Live in Berlin: Winter Serverity Index + Mushy

Winter Severity Index
Winter Severity Index

16. Februar 2013

BERLIN, NAHERHOLUNG STERNCHEN

Naherholung Sternchen. Der Name des Etablissements, das die Death#Disco-Veranstaltungsreihe seit einiger Zeit für sich entdeckt hat, weckt in mir Assoziationen zu nostalgischer DDR-Romantik im vorbildlich-sozialistischen Wohngebiet, Dauer-Campern und spießbürgerlicher Gemütlichkeit. Doch sollte man sich von dem Namen nicht beirren lassen. Ist es doch immer wieder spannend, eine neue Örtlichkeit zu „entdecken“. Zwar prangen über der Eingangstür die Worte „Director´s Lounge“, doch der im weltweiten Netz zu findenden Plan ist eindeutig. So wagen wir uns ins Innere, lassen die in den oberen Räumlichkeiten stattfindende Veranstaltung links liegen, um sogleich über eine schmale Treppe in den verwinkelten Keller zu gelangen. Unten angekommen nahmen freundliche Damen die dicke Garderobe entgegen. An einer Wand sorgte eine alte, vermutlich vor dem Sperrmüll gerettete Stehlampe für dezentes Licht. In einem Raum kann es sich der erschöpfte Besucher in diversen, gepolsterten Sitzmöbeln – die ihre besten Tage auch hinter sich haben – gemütlich machen. Ein weiterer Raum beinhaltet DJ-Pult und Mini-Bühne. Solide, die Kellerdecke tragende Säulen erweisen sich je nach eigenem Standort für eine grenzenlose Sicht als eher unvorteilhaft. In einem alten Lichtschacht hängt eine kleine Discokugel, die allerdings außer Betreib war. Einige Lampen sorgen für bunt-flackerndes Licht. Das Ambiente ist rustikal. Alternativ.
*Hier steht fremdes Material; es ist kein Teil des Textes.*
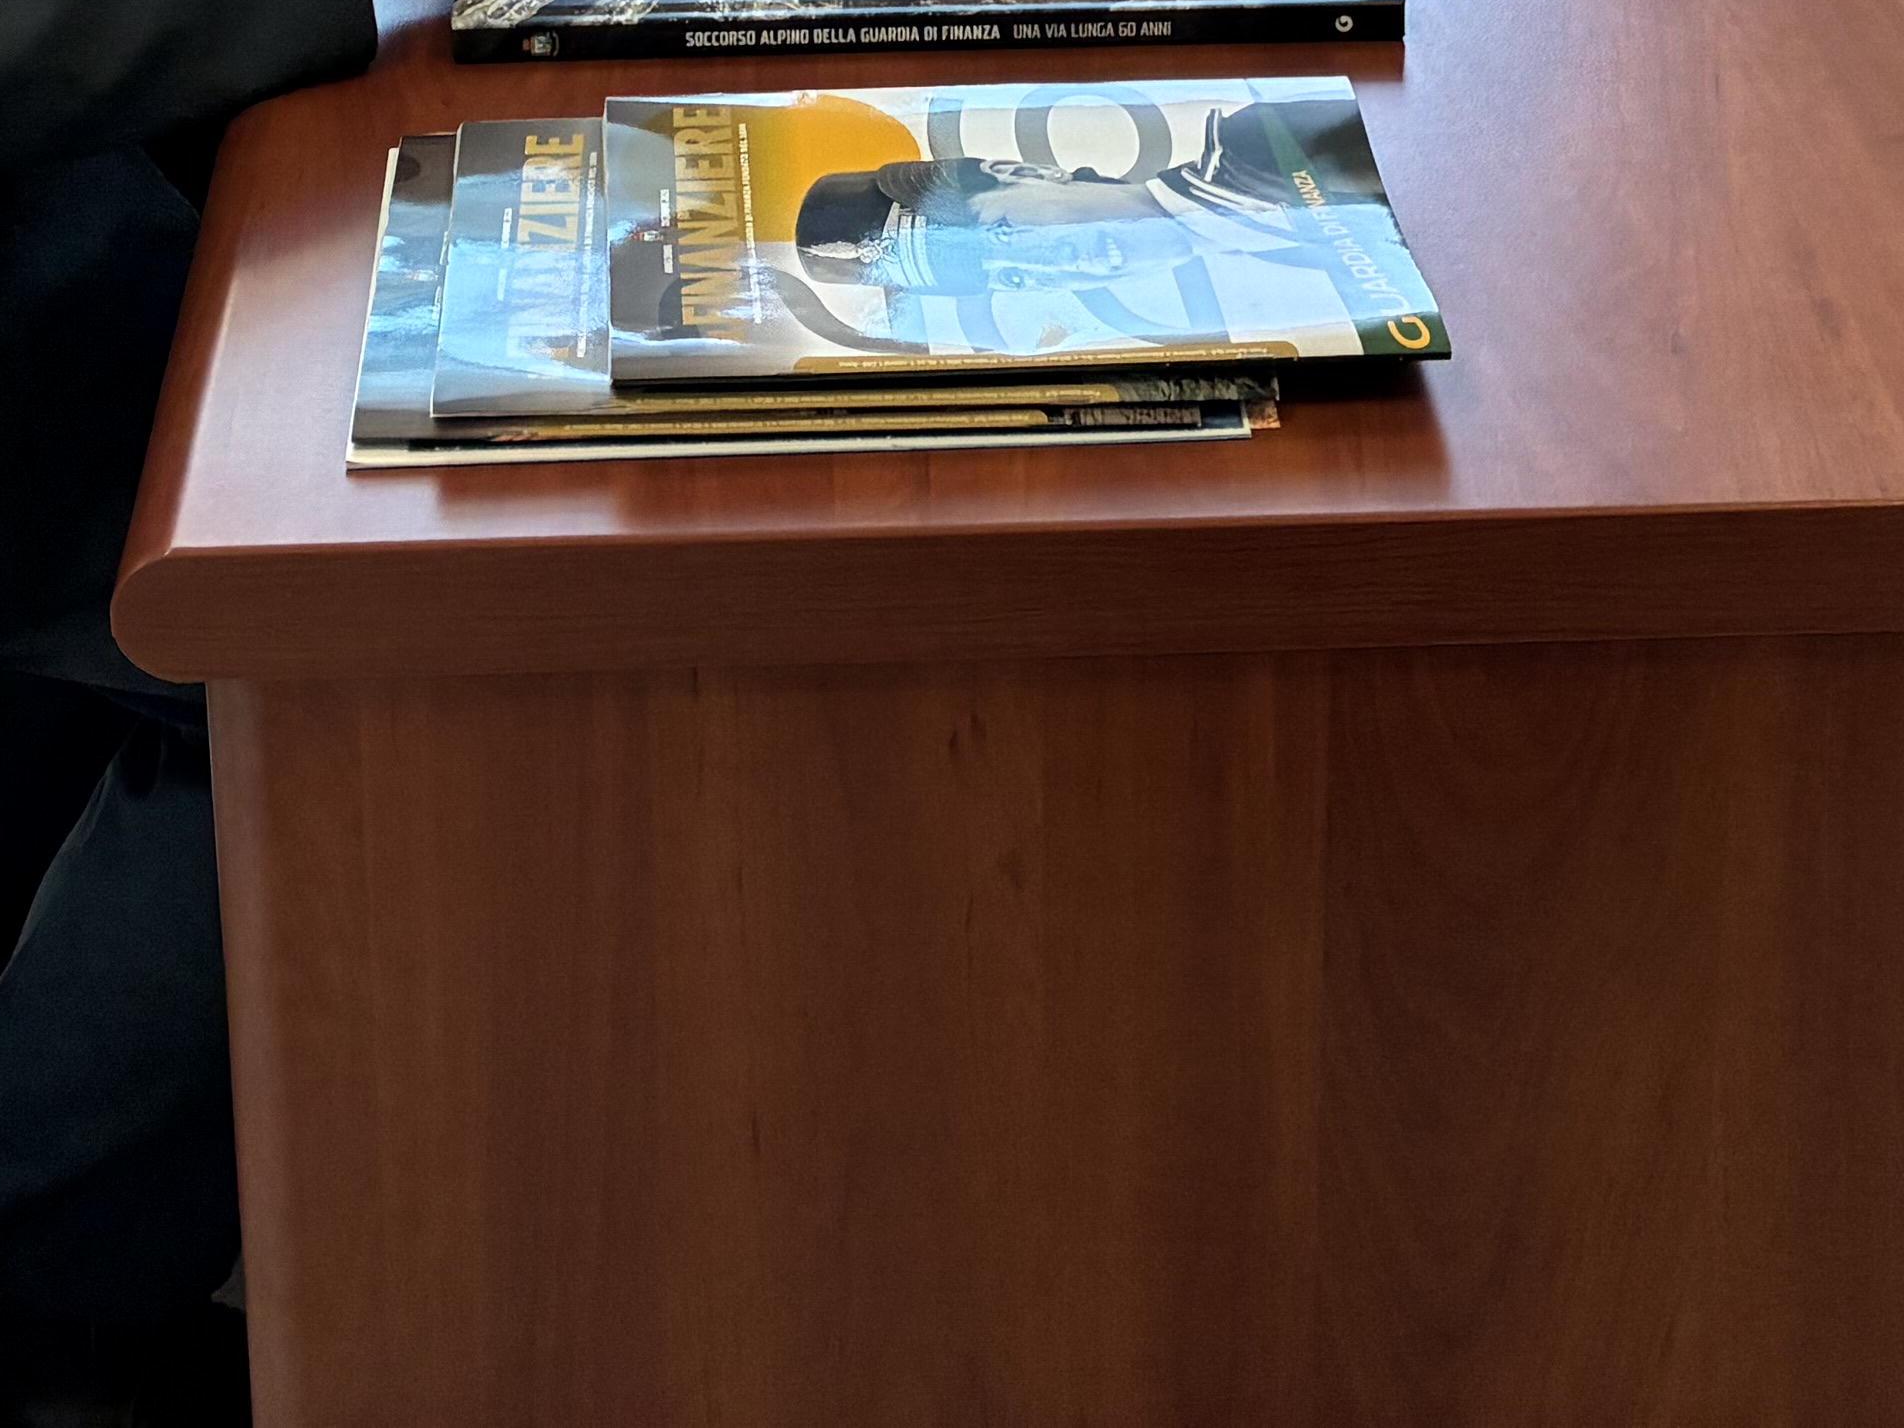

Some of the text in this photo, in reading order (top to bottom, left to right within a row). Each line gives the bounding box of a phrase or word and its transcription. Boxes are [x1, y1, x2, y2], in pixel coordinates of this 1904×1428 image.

[685, 21, 1172, 47] SOCCORSO ALPINO DELLA GUARDIA DI FINANZA UNA VIA LUNGA 60 ANNI
[673, 106, 741, 325] FINANZIERE
[1334, 237, 1431, 350] GUARDIA
Obwohl der Raum recht klein wirkte, war genug Platz für die Hörerschaft. Die Sängerin und Musikerin Valentina Fanigliulo aka „Mushy“ eröffnete den Abend. Unterstützt wurde sie von einem konzentriert an den Knöpfen drehenden und auf Tasten tippenden jungen Mann. Dargeboten wurden ruhige, sehr verträumte Klangwelten. Trotz der eher verhaltenen Melodien ist die Stimme voluminös. Valentina Fanigliulo drückte ihre Gefühle in starker Gestik und Körpersprache aus. Auch wiederholte Ausflüge ins Publikum unterstützten den leidenschaftlichen Auftritt.
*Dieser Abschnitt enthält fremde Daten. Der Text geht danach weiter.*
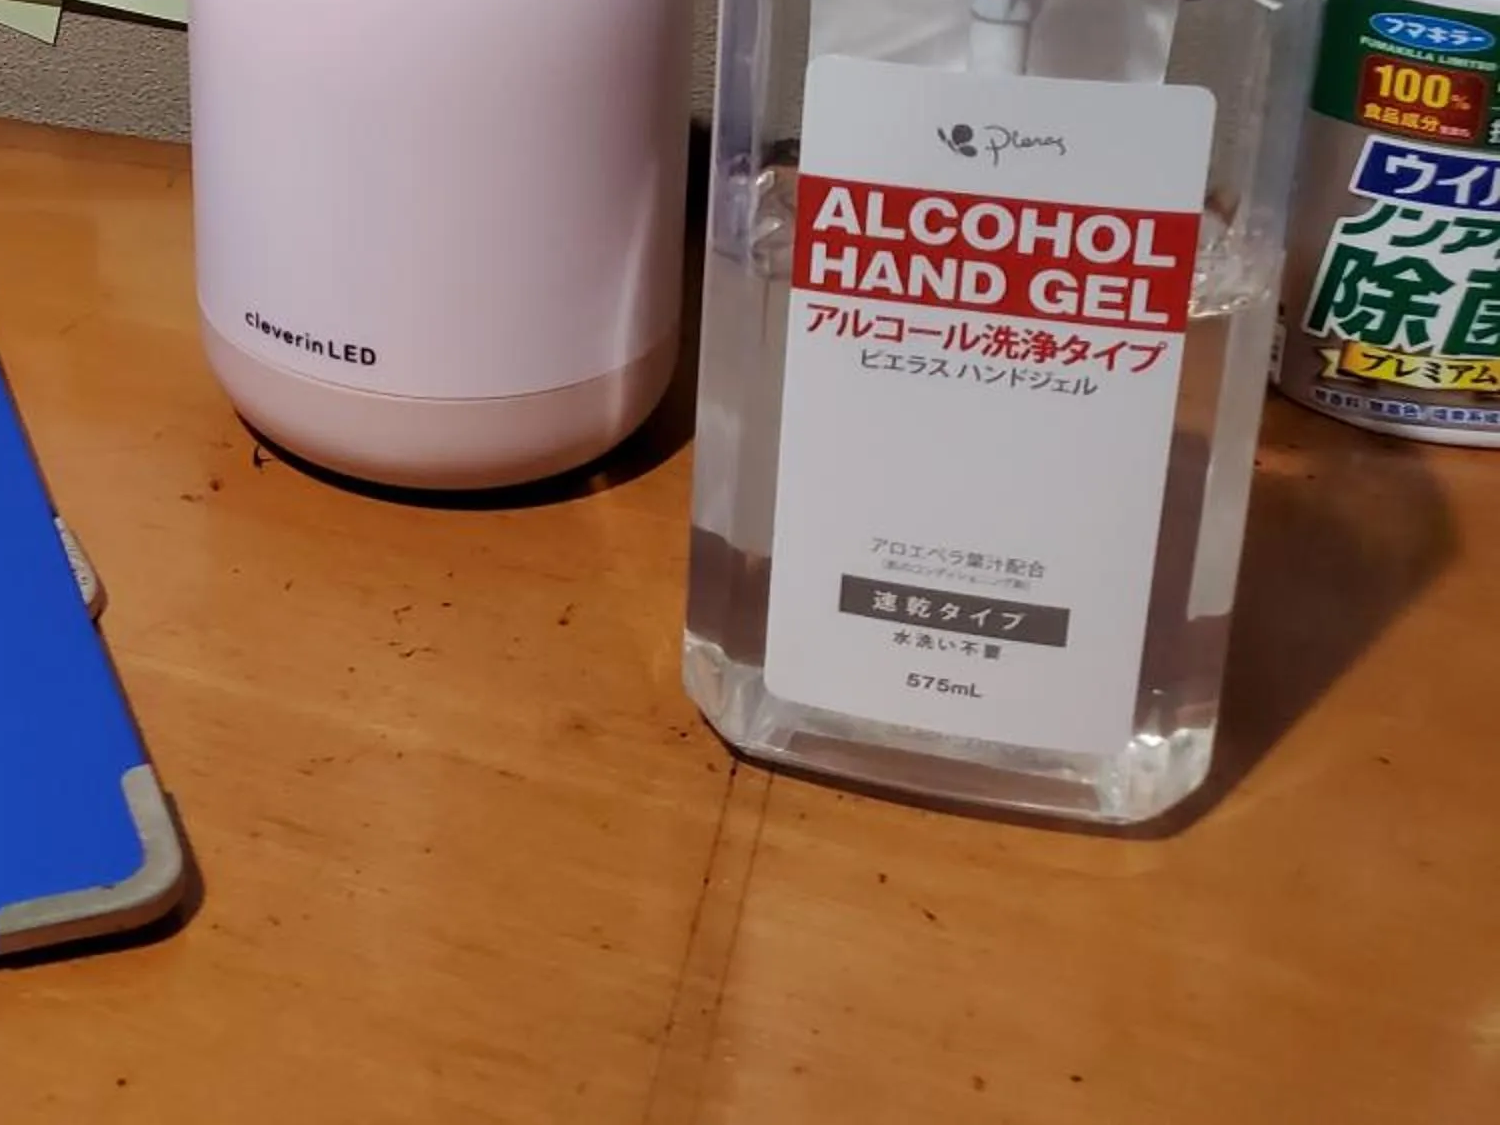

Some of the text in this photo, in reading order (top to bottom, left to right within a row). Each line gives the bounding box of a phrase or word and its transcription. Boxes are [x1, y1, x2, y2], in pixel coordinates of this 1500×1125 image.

[1383, 17, 1486, 46] フマキラー
[812, 185, 1177, 268] ALCOHOL
[808, 241, 1169, 323] HAND GEL
[245, 311, 377, 367] cleverin LED
[805, 303, 1169, 376] アルコール洗浄タイプ
[1359, 352, 1499, 385] プレミアム
[871, 589, 1028, 631] 速乾タイプ
[905, 672, 984, 699] 575mL
Nach der obligatorischen Pause betrat Valentina Fanigliulo – nun Herrscherin über Tasten und Knöpfe – nochmals die Bühne. Diesmal zusammen mit Sängerin/Gitarristin Simona Ferrucci, dem Kopf der früher aus vier Damen bestehenden Band „Winter Severity Index“. Simonas samtig-dunkle Stimme war betörend. Dazu melancholisch-wavige Klänge, bei denen man wiederholt die Augen schloss, um sie perfekt in sich kriechen zu lassen. Bilder von einsamen Landschaften entstanden vor dem geistigen Auge. Mit einem Hauch von Einsamkeit und Stille. Hätte nur das kaum auszublendende Stimmengewirr nicht immer wieder diese Bilder platzen lassen. Mit der Zeit machte mich diese Respektlosigkeit gegenüber den Musikerinnen auf der Bühne und den Hörwilligen davor in gewisser Weise aggressiv. Wiederholt stellte ich mir die Frage, was Menschen zu einem Konzertbesuch veranlasst, wenn sie sich eigentlich unterhalten wollen. Gäbe es hierfür nicht bessere Orte und Anlässe? Zumindest das geniale Stück „The Wiser“ konnte ich in vollen Zügen genießen. Kurzzeitig waren die Dauerquatscher in unmittelbarer Nähe mit dem Holen von Getränken beschäftigt.

Dennoch: Ungeachtet der unangenehmen Geräuschkulisse war dieser ruhige und emotionale Dark Wave absolut unterhaltsam und hörenswert. Kurz und knapp: Eine Ohrenfreude.